Cosmos are annuals, but they are one of the best producing annuals you can grow. The more you cut the more they bloom! Plus, cosmos are prodigious re-seeders, so you’ll often discover a new crop each year. Cosmos don’t have the longest vase life (about 4 to 6 days) so cut these flowers when the buds have turned color but haven’t quite opened yet.
Late Summer/Autumn Flowers
Black Eyed Susan
Bloom Late Summer/ early autumn
Black Eyed Susan, or Rudbeckia, are one of the toughest, hardest working perennials in the garden. Not only are the heat -tolerant, drought -tolerant and super low -maintenance, they also bravely bloom through the heat of the summer when many other perennials have pooped out.
Black Eyed Susies are sometimes considered a “dirty flower”, meaning they cause their vase water to become cloudy. Put them in an opaque container or add a small drop of bleach to keep the water clear.

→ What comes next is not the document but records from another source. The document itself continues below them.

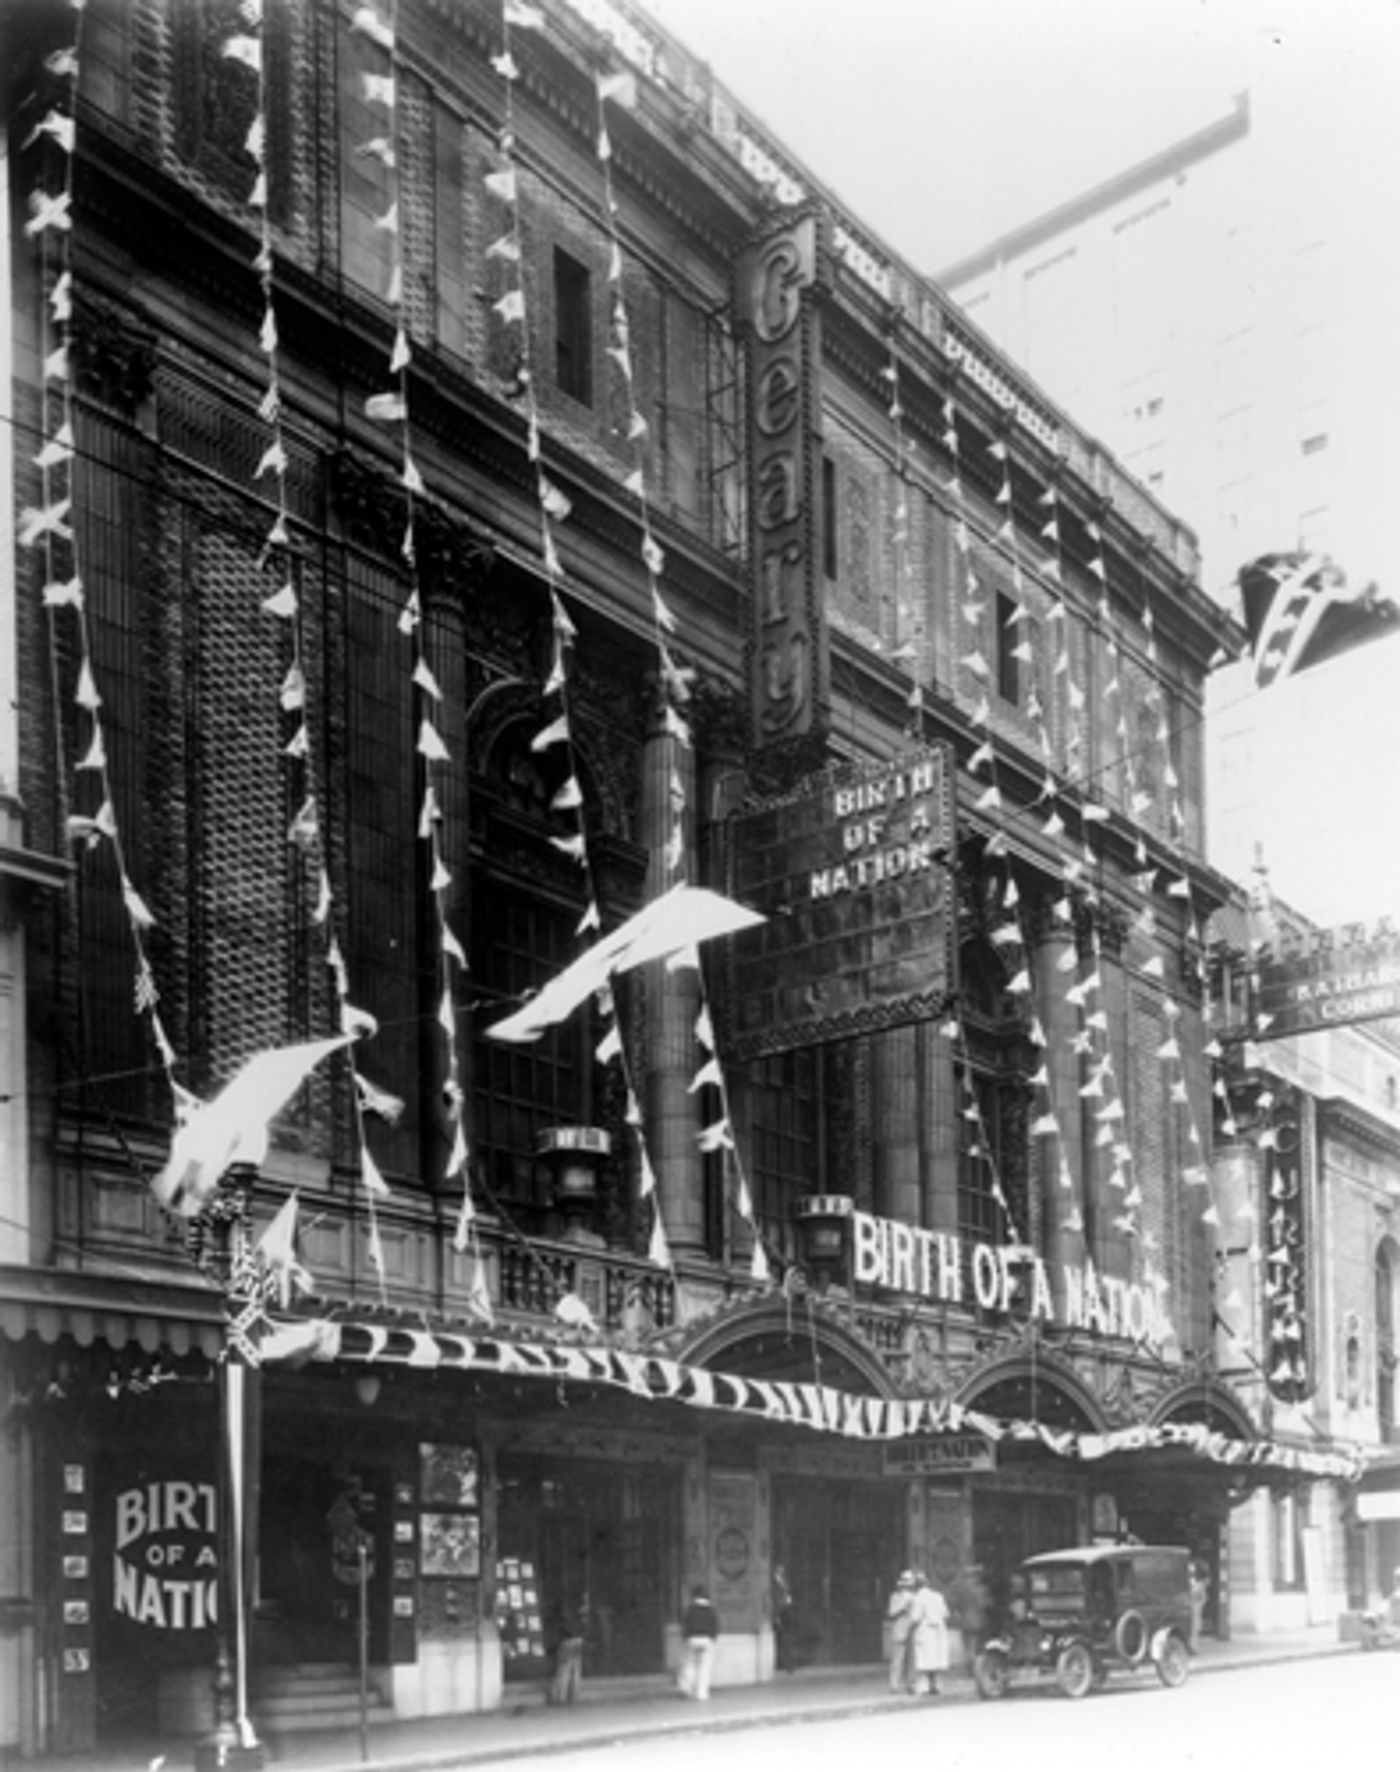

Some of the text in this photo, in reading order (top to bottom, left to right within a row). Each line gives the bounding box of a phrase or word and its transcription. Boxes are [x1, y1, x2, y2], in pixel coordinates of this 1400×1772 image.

[843, 816, 887, 850] OF
[811, 843, 931, 898] NATION
[854, 1210, 961, 1302] BIRTH
[972, 1243, 1030, 1312] OF
[1030, 1257, 1055, 1320] A
[115, 1481, 215, 1550] BIRT
[145, 1545, 217, 1567] OF A
[112, 1552, 218, 1629] NATI

Bloom: Late summer/early autumn
Asters exemplify the term "late bloomer." Throughout the season, they may not look like much but once September rolls around - look out! These prolific bloomers burst into beautiful lavenders, pinks, blues and whites just as the rest of your garden is winding down. Their delicate stems and bunches of daisy-like flowers make them the perfect filler for your autumn arrangements.
Bloom Late Summer/early autumn
Sunflowers have long been one of the most popular cut flowers. Just ask Vincent Van Gogh! Of course you know these perennials bloom with big, open yellow flowers, but they are also super easy to care for and bloom through the hottest part of the late summer into the cool fall.